Data to examine –

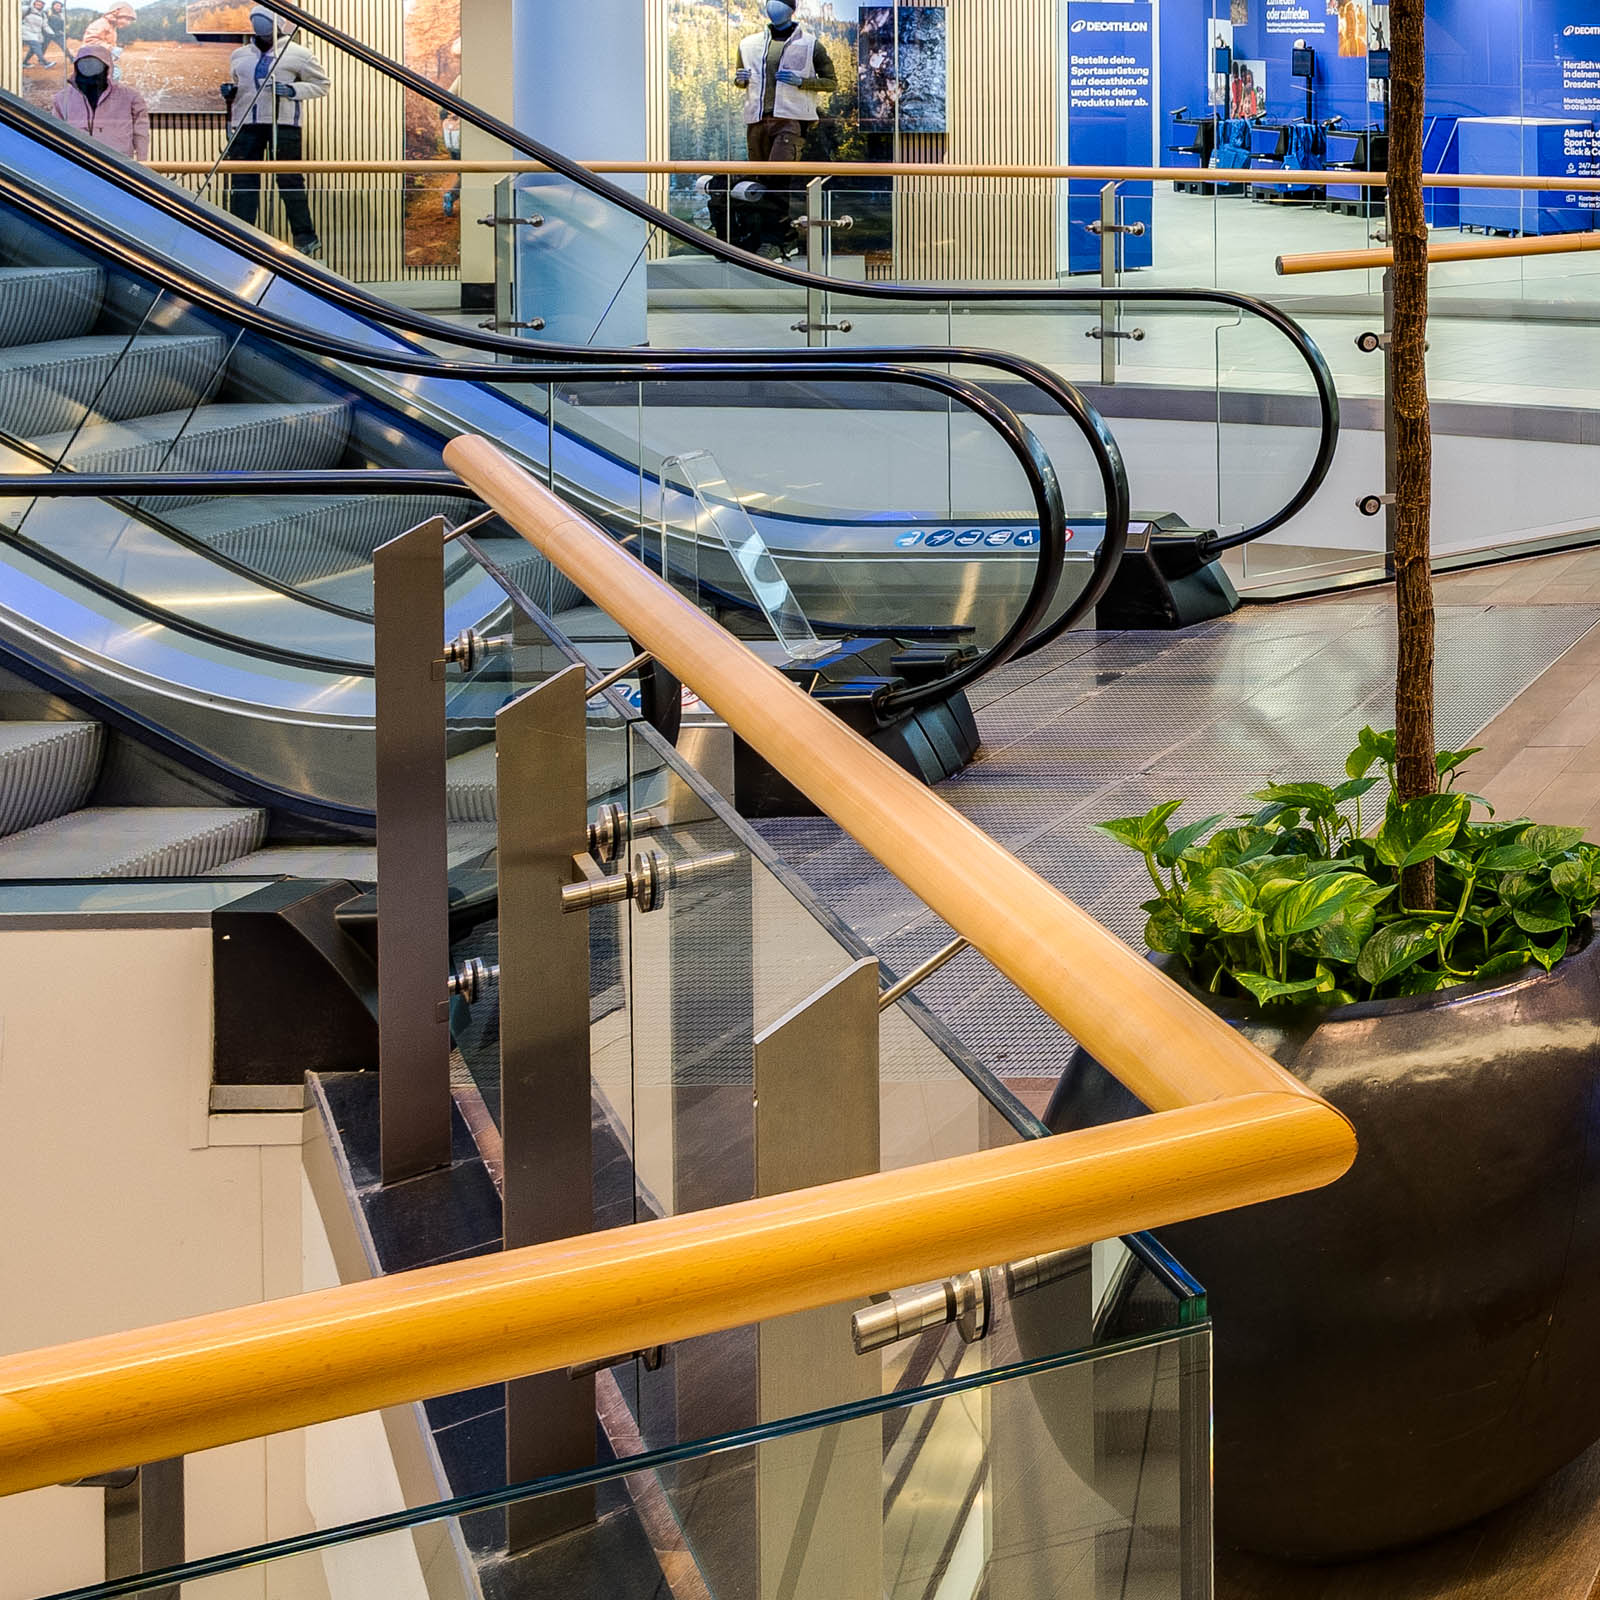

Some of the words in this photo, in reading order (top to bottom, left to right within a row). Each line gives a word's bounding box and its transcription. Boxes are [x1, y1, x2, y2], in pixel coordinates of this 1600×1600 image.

[1266, 7, 1280, 20] oder
[1280, 6, 1310, 20] zufrieden
[1086, 22, 1148, 31] DECATHLON
[1071, 55, 1108, 64] Bestelle
[1109, 55, 1135, 64] deine
[1563, 61, 1595, 69] Herzlich
[1071, 66, 1149, 76] Sportausrüstung
[1563, 70, 1571, 78] in
[1571, 70, 1599, 78] deinem
[1071, 77, 1087, 85] auf
[1087, 77, 1148, 86] decathlon.de
[1071, 88, 1089, 96] und
[1090, 88, 1110, 96] hole
[1111, 88, 1137, 96] deine
[1071, 98, 1114, 107] Produkte
[1115, 98, 1133, 106] hier
[1134, 98, 1149, 107] ab.
[1564, 129, 1583, 138] Alles
[1583, 129, 1595, 138] für
[1563, 138, 1586, 148] Sport
[1563, 148, 1583, 156] Click
[1584, 148, 1591, 156] &

Task to carry out – Copy every line above exactly, leaving no picture in the copy.

Expected answer –
Some of the words in this photo, in reading order (top to bottom, left to right within a row). Each line gives a word's bounding box and its transcription. Boxes are [x1, y1, x2, y2], in pixel coordinates of this 1600×1600 image.

[1266, 7, 1280, 20] oder
[1280, 6, 1310, 20] zufrieden
[1086, 22, 1148, 31] DECATHLON
[1071, 55, 1108, 64] Bestelle
[1109, 55, 1135, 64] deine
[1563, 61, 1595, 69] Herzlich
[1071, 66, 1149, 76] Sportausrüstung
[1563, 70, 1571, 78] in
[1571, 70, 1599, 78] deinem
[1071, 77, 1087, 85] auf
[1087, 77, 1148, 86] decathlon.de
[1071, 88, 1089, 96] und
[1090, 88, 1110, 96] hole
[1111, 88, 1137, 96] deine
[1071, 98, 1114, 107] Produkte
[1115, 98, 1133, 106] hier
[1134, 98, 1149, 107] ab.
[1564, 129, 1583, 138] Alles
[1583, 129, 1595, 138] für
[1563, 138, 1586, 148] Sport
[1563, 148, 1583, 156] Click
[1584, 148, 1591, 156] &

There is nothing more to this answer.